Data records
○ ○ ○ ○ ○

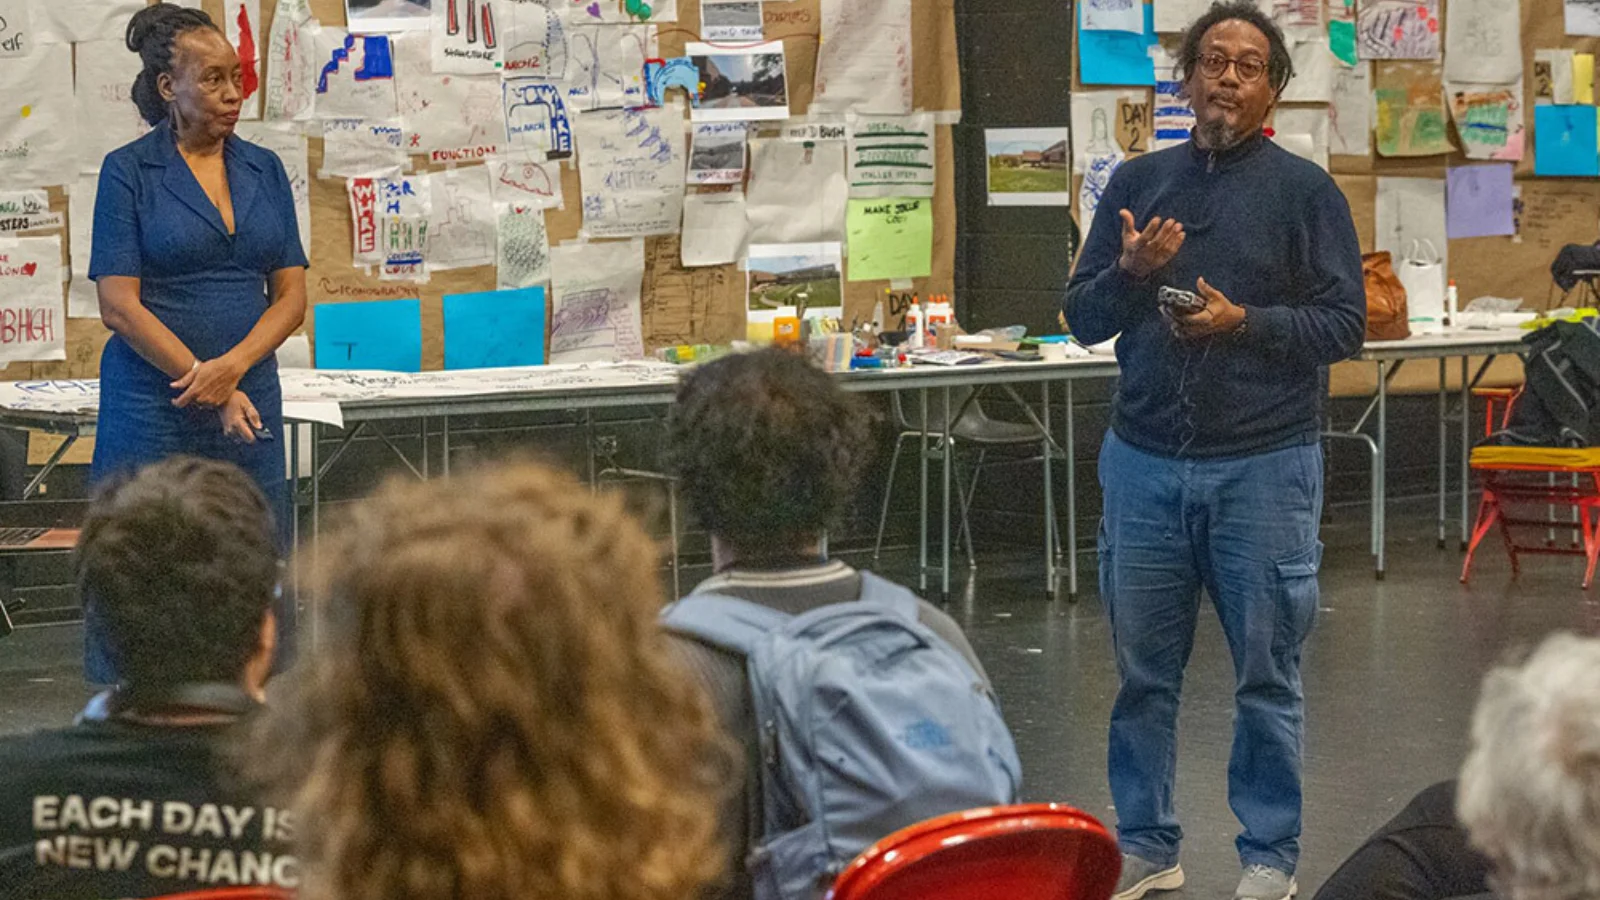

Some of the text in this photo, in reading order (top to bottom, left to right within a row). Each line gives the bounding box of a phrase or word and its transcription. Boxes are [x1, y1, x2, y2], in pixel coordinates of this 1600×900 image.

[1122, 104, 1149, 128] DAY
[1128, 127, 1145, 152] 2
[33, 794, 153, 831] EACH
[162, 800, 255, 838] DAY
[34, 835, 139, 870] NEW
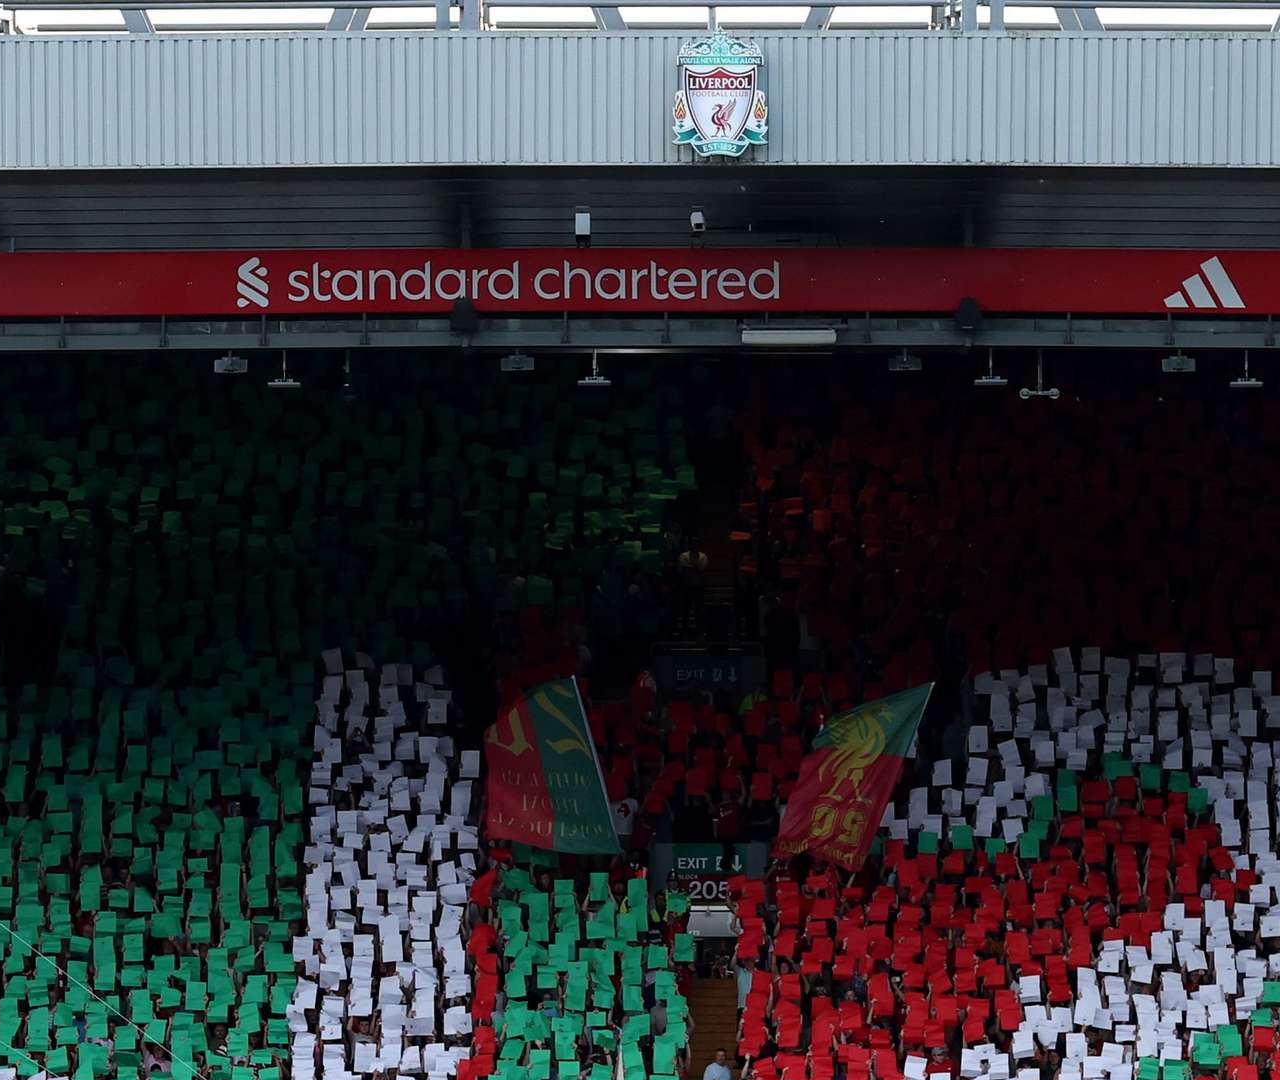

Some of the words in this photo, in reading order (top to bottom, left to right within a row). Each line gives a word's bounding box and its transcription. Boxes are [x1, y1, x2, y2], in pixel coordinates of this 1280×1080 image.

[689, 77, 751, 89] LIVERPOOL
[288, 260, 519, 303] standard
[533, 259, 781, 302] chartered
[677, 857, 708, 869] EXIT
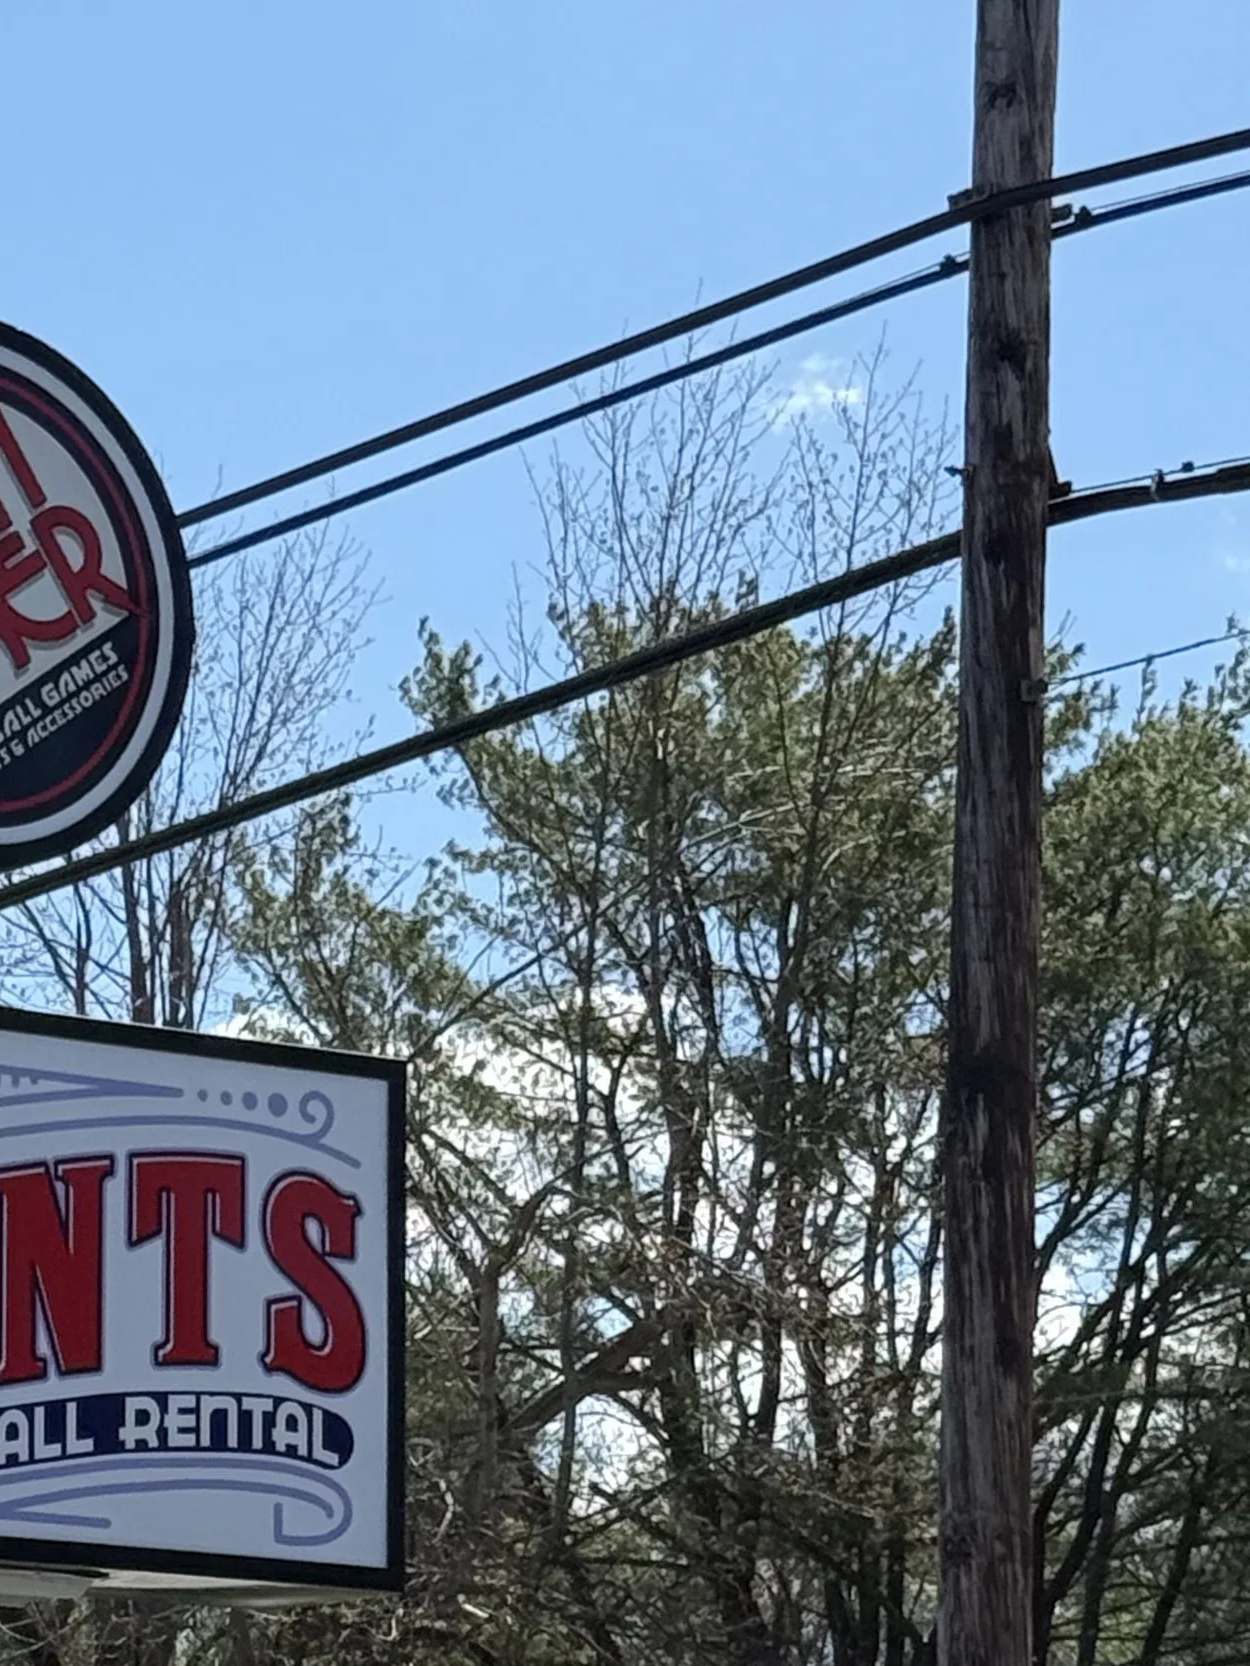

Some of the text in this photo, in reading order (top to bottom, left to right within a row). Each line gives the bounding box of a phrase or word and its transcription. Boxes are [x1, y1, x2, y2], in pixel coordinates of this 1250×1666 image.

[10, 739, 25, 756] &
[26, 664, 129, 748] ACCESSORIES
[40, 641, 118, 708] GAMES
[119, 1396, 341, 1469] RENTAL

○ ○ ○ ○ ○

**What the exercise asks**:
What is the exact wording of the lines from the one bearing "Some of the words" through the final line of the records above? Write it out without the pictures.

**Response**:
Some of the words in this photo, in reading order (top to bottom, left to right within a row). Each line gives a word's bounding box and its transcription. Boxes are [x1, y1, x2, y2], in pixel coordinates of this 1280×1080 image.

[689, 77, 751, 89] LIVERPOOL
[288, 260, 519, 303] standard
[533, 259, 781, 302] chartered
[677, 857, 708, 869] EXIT

Some of the text in this photo, in reading order (top to bottom, left to right within a row). Each line gives the bounding box of a phrase or word and its transcription. Boxes are [x1, y1, x2, y2], in pixel coordinates of this 1250×1666 image.

[10, 739, 25, 756] &
[26, 664, 129, 748] ACCESSORIES
[40, 641, 118, 708] GAMES
[119, 1396, 341, 1469] RENTAL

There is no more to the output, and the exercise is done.